Researchers at the University of Alabama at Birmingham Marnix E. Heersink School of Medicine now have used the fecal metagenomic DNA sequencing data set from that study—as well as the DNA sequencing data sets from two other studies—to see whether specific donor strains established themselves in the recipient patients and whether those donor strains correlated with successful treatment outcomes.
The researchers, Hyunmin Koo, Ph.D., and Casey Morrow, Ph.D., are able to identify specific single strains of a bacterial species using a microbiome “fingerprint” method developed at UAB. The method uses powerful genomic tools and supercomputers to analyze massive amounts of genetic data from metagenomic sequencing of fecal samples.
This novel bioinformatics technique has previously shown, among other studies, the emergence of new microbial strains after obesity surgeries and suppressive antibiotics, as well as the stable persistence of donor microbial strains for as long as two years after fecal microbe transplantation to treat recurrent Clostridium difficile infections.
Now, in a study published in BMC Microbiology, Koo and Morrow report that the individual variation among the melanoma patients, with respect to fecal-dominant donor microbes in recipient patients after fecal microbe transplantation, did not correlate with responses to anti-PD-1 therapy.
In detail, they analyzed a metagenomic sequencing data set published by Baruch et al. in Science in 2021 and found that the presence of commensal donor microbes in feces of recipient patients after fecal microbiota transplantation did not correlate with the patient response to immunotherapy.
They also analyzed the metagenomic sequencing published by Davar et al. in Science in 2021. “From the Davar et al. data set, we found four patients that responded to immunotherapy had donor related strains post-fecal microbe transplantation, while two patients that did not respond to the immunotherapy also had donor strains post-fecal microbe transplantation,” Morrow said. “Importantly, we identified no donor microbes in the feces of one recipient, post-fecal microbe transplantation, who responded to immunotherapy.”
Looking at longitudinal sequencing data sets from Davar et al. that analyzed fecal samples up to 18 months after transplantation, two patients who responded to immunotherapy revealed both donor and recipient strains at different times post-fecal microbe transplantation. This ongoing competition for fecal dominance over time between donor and recipient strains is further support that the link between donor microbes in the feces of recipients and response to immunotherapy is incongruent, Morrow says.
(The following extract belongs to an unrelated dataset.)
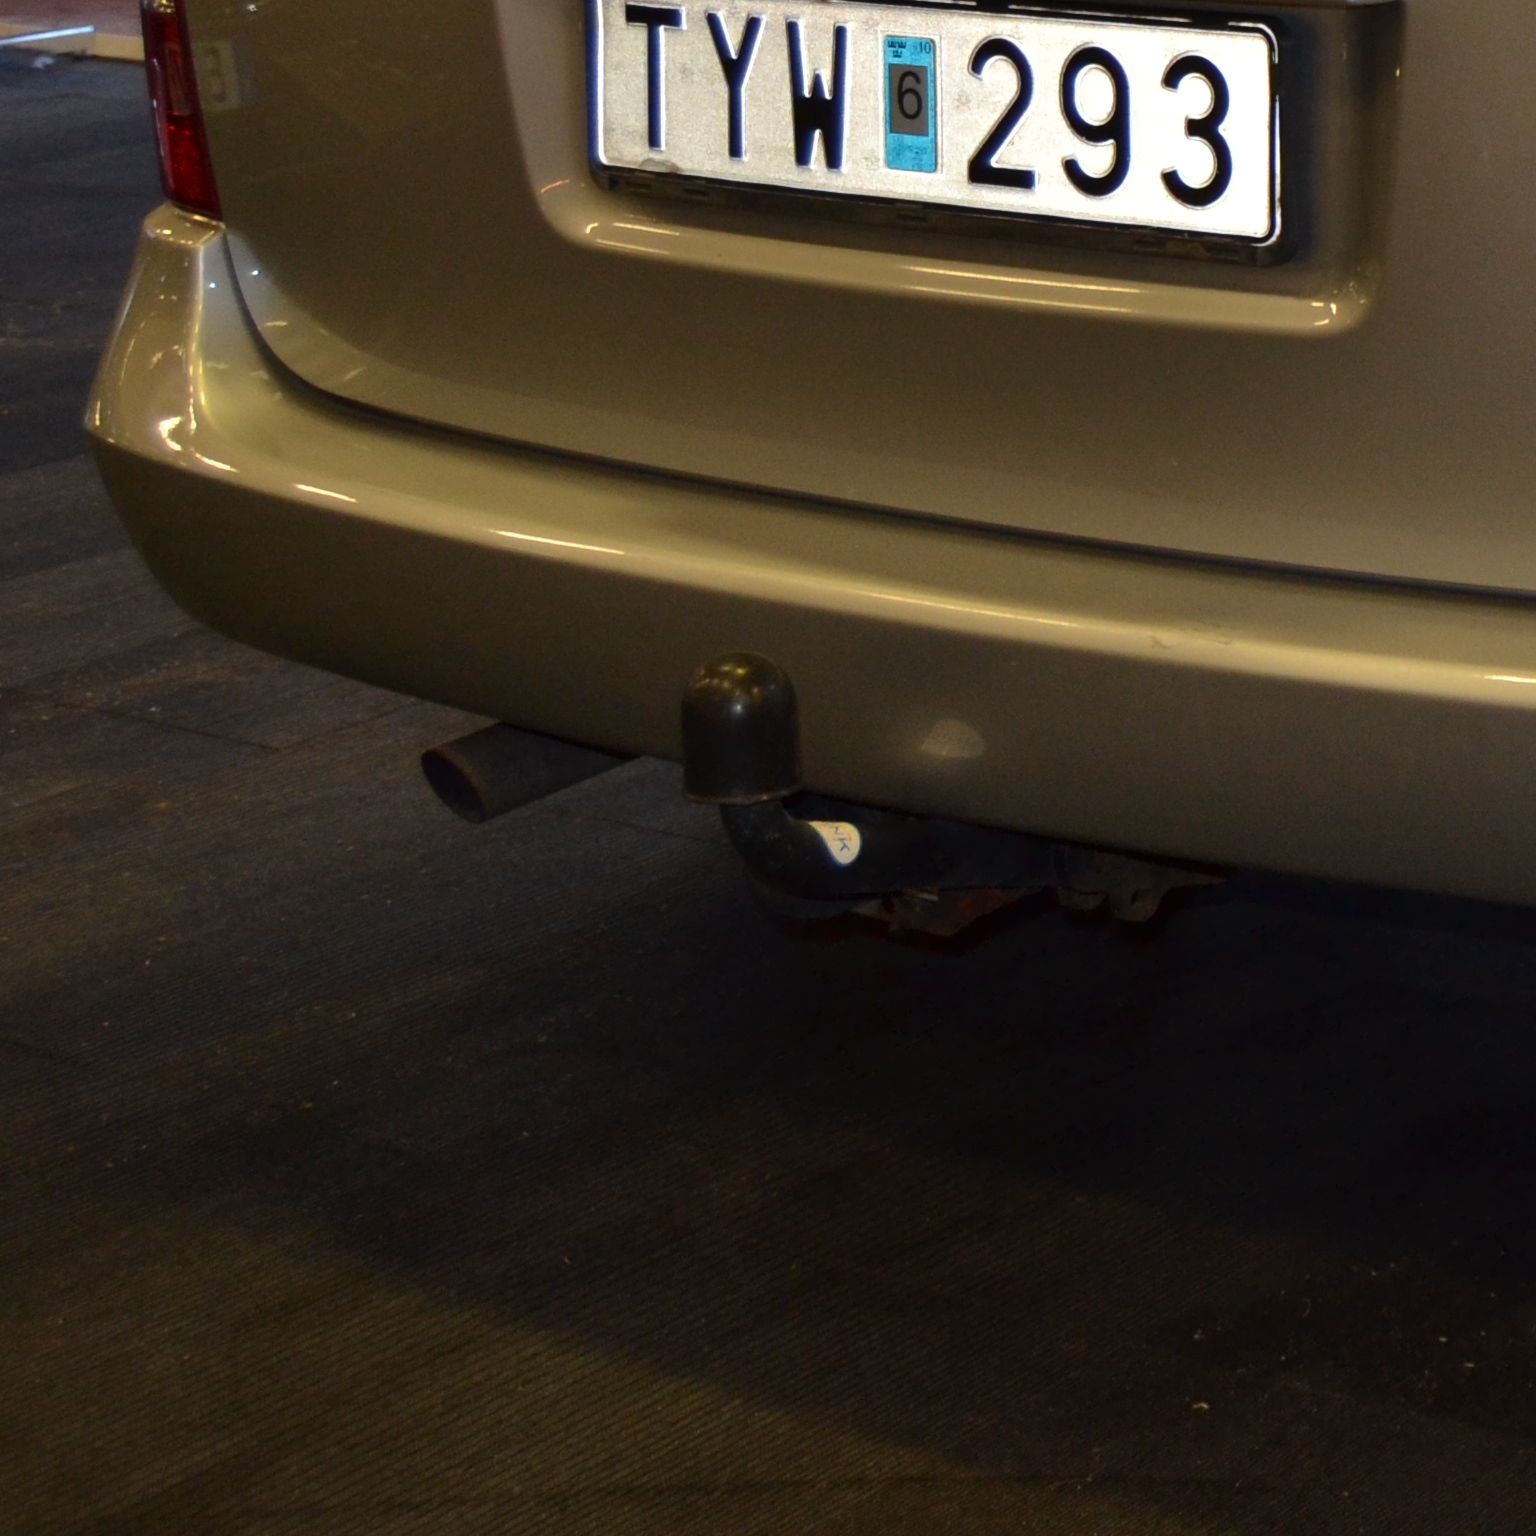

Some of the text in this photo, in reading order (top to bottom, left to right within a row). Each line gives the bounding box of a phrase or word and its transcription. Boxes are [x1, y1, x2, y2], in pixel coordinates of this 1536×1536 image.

Koo and Morrow also analyzed the metagenomics data set from a study by James et al. in Nature Immunology in 2020. This research analyzed the microbiota that are associated with the mucosa of the intestinal epithelium of the normal human cecum, transverse colon and sigmoid colon to gain insights into the microbe interaction with the human immune system.
The UAB analysis showed considerable strain sharing between the cecum-transverse colon and the cecum-sigmoid colon for two bacterial species. The cecum is at the beginning of the colon, where it connects with the small intestine. The transverse colon is at the middle of the colon, and the sigmoid colon is at the end, near the rectum.
“Thus, these results demonstrate strain sharing occurs for commensal microbial strains in the intestinal epithelium throughout the entire length of the normal colon,” Morrow said. “This suggests a large community structure that extends throughout the entire colon that could interact with the immune system and impact the capacity of donor microbes derived from fecal microbe transplantation to facilitate the response to immunotherapy.” These niches may help the recipient resist the establishment of donor microbial strains.